• EXERCISE DESCRIPTION: Copy each record exactly, word for word.

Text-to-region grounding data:
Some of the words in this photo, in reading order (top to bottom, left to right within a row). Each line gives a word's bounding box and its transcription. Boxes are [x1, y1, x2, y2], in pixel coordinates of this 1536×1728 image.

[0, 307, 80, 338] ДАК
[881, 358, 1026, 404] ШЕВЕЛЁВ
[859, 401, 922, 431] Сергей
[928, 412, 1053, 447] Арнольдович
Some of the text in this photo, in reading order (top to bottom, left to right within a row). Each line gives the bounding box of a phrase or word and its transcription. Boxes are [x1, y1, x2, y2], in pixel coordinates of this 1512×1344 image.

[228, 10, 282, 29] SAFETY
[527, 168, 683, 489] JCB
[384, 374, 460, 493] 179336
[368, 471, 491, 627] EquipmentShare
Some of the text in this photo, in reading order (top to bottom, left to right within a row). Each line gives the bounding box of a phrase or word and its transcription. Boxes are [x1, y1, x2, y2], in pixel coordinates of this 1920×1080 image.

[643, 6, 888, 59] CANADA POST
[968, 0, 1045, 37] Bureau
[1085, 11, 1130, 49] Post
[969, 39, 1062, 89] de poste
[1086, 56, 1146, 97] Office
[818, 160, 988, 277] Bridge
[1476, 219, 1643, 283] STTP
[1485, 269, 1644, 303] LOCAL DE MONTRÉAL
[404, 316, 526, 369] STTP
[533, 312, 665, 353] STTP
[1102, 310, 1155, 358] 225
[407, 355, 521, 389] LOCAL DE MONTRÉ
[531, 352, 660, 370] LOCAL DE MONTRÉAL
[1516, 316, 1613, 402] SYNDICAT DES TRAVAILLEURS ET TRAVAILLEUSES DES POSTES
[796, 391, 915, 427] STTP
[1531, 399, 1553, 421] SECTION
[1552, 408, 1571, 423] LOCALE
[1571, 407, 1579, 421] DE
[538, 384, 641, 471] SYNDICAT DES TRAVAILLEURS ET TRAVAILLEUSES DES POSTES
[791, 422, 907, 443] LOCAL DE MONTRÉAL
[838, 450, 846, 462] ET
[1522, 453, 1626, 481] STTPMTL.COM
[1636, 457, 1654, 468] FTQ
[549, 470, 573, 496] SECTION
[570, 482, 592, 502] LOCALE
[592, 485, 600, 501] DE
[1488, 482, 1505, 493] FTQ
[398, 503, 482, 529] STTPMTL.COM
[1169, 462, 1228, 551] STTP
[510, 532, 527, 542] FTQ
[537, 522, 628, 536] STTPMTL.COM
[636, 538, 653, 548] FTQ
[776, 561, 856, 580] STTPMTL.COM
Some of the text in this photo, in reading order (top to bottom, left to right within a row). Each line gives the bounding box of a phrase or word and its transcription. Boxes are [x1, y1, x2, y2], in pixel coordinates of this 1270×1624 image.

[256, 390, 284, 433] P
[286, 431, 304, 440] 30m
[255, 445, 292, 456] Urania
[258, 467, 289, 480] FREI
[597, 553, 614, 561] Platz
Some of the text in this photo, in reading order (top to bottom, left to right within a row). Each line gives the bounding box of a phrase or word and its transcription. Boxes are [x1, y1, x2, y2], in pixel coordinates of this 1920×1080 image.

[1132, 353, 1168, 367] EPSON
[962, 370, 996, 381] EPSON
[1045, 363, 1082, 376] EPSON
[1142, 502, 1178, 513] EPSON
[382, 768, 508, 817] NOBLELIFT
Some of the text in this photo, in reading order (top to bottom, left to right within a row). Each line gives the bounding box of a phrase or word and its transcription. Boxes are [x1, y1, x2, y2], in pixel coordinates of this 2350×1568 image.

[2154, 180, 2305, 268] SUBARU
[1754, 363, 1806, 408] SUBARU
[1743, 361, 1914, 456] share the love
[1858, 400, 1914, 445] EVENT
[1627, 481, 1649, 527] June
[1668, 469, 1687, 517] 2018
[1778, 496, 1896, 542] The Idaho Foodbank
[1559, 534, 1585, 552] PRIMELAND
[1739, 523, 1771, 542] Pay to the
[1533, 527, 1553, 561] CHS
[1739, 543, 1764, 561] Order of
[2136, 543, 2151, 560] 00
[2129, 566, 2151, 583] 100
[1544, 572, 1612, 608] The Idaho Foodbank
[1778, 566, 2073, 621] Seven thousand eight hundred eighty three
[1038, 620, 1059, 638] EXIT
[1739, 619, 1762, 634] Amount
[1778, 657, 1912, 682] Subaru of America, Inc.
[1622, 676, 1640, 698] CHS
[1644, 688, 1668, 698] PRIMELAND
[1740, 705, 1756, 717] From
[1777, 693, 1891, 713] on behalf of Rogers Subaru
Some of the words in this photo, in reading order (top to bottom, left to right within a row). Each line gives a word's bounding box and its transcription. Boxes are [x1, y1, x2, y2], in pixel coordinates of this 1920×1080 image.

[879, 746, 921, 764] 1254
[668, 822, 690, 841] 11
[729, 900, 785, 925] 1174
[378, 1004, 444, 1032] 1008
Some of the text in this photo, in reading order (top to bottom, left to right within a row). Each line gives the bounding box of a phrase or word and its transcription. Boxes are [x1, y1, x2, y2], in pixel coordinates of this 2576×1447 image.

• EXPECTED OUTPUT:
Some of the words in this photo, in reading order (top to bottom, left to right within a row). Each line gives a word's bounding box and its transcription. Boxes are [x1, y1, x2, y2], in pixel coordinates of this 1536×1728 image.

[0, 307, 80, 338] ДАК
[881, 358, 1026, 404] ШЕВЕЛЁВ
[859, 401, 922, 431] Сергей
[928, 412, 1053, 447] Арнольдович
Some of the text in this photo, in reading order (top to bottom, left to right within a row). Each line gives the bounding box of a phrase or word and its transcription. Boxes are [x1, y1, x2, y2], in pixel coordinates of this 1512×1344 image.

[228, 10, 282, 29] SAFETY
[527, 168, 683, 489] JCB
[384, 374, 460, 493] 179336
[368, 471, 491, 627] EquipmentShare
Some of the text in this photo, in reading order (top to bottom, left to right within a row). Each line gives the bounding box of a phrase or word and its transcription. Boxes are [x1, y1, x2, y2], in pixel coordinates of this 1920×1080 image.

[643, 6, 888, 59] CANADA POST
[968, 0, 1045, 37] Bureau
[1085, 11, 1130, 49] Post
[969, 39, 1062, 89] de poste
[1086, 56, 1146, 97] Office
[818, 160, 988, 277] Bridge
[1476, 219, 1643, 283] STTP
[1485, 269, 1644, 303] LOCAL DE MONTRÉAL
[404, 316, 526, 369] STTP
[533, 312, 665, 353] STTP
[1102, 310, 1155, 358] 225
[407, 355, 521, 389] LOCAL DE MONTRÉ
[531, 352, 660, 370] LOCAL DE MONTRÉAL
[1516, 316, 1613, 402] SYNDICAT DES TRAVAILLEURS ET TRAVAILLEUSES DES POSTES
[796, 391, 915, 427] STTP
[1531, 399, 1553, 421] SECTION
[1552, 408, 1571, 423] LOCALE
[1571, 407, 1579, 421] DE
[538, 384, 641, 471] SYNDICAT DES TRAVAILLEURS ET TRAVAILLEUSES DES POSTES
[791, 422, 907, 443] LOCAL DE MONTRÉAL
[838, 450, 846, 462] ET
[1522, 453, 1626, 481] STTPMTL.COM
[1636, 457, 1654, 468] FTQ
[549, 470, 573, 496] SECTION
[570, 482, 592, 502] LOCALE
[592, 485, 600, 501] DE
[1488, 482, 1505, 493] FTQ
[398, 503, 482, 529] STTPMTL.COM
[1169, 462, 1228, 551] STTP
[510, 532, 527, 542] FTQ
[537, 522, 628, 536] STTPMTL.COM
[636, 538, 653, 548] FTQ
[776, 561, 856, 580] STTPMTL.COM
Some of the text in this photo, in reading order (top to bottom, left to right within a row). Each line gives the bounding box of a phrase or word and its transcription. Boxes are [x1, y1, x2, y2], in pixel coordinates of this 1270×1624 image.

[256, 390, 284, 433] P
[286, 431, 304, 440] 30m
[255, 445, 292, 456] Urania
[258, 467, 289, 480] FREI
[597, 553, 614, 561] Platz
Some of the text in this photo, in reading order (top to bottom, left to right within a row). Each line gives the bounding box of a phrase or word and its transcription. Boxes are [x1, y1, x2, y2], in pixel coordinates of this 1920×1080 image.

[1132, 353, 1168, 367] EPSON
[962, 370, 996, 381] EPSON
[1045, 363, 1082, 376] EPSON
[1142, 502, 1178, 513] EPSON
[382, 768, 508, 817] NOBLELIFT
Some of the text in this photo, in reading order (top to bottom, left to right within a row). Each line gives the bounding box of a phrase or word and its transcription. Boxes are [x1, y1, x2, y2], in pixel coordinates of this 2350×1568 image.

[2154, 180, 2305, 268] SUBARU
[1754, 363, 1806, 408] SUBARU
[1743, 361, 1914, 456] share the love
[1858, 400, 1914, 445] EVENT
[1627, 481, 1649, 527] June
[1668, 469, 1687, 517] 2018
[1778, 496, 1896, 542] The Idaho Foodbank
[1559, 534, 1585, 552] PRIMELAND
[1739, 523, 1771, 542] Pay to the
[1533, 527, 1553, 561] CHS
[1739, 543, 1764, 561] Order of
[2136, 543, 2151, 560] 00
[2129, 566, 2151, 583] 100
[1544, 572, 1612, 608] The Idaho Foodbank
[1778, 566, 2073, 621] Seven thousand eight hundred eighty three
[1038, 620, 1059, 638] EXIT
[1739, 619, 1762, 634] Amount
[1778, 657, 1912, 682] Subaru of America, Inc.
[1622, 676, 1640, 698] CHS
[1644, 688, 1668, 698] PRIMELAND
[1740, 705, 1756, 717] From
[1777, 693, 1891, 713] on behalf of Rogers Subaru
Some of the words in this photo, in reading order (top to bottom, left to right within a row). Each line gives a word's bounding box and its transcription. Boxes are [x1, y1, x2, y2], in pixel coordinates of this 1920×1080 image.

[879, 746, 921, 764] 1254
[668, 822, 690, 841] 11
[729, 900, 785, 925] 1174
[378, 1004, 444, 1032] 1008
Some of the text in this photo, in reading order (top to bottom, left to right within a row). Each line gives the bounding box of a phrase or word and its transcription. Boxes are [x1, y1, x2, y2], in pixel coordinates of this 2576×1447 image.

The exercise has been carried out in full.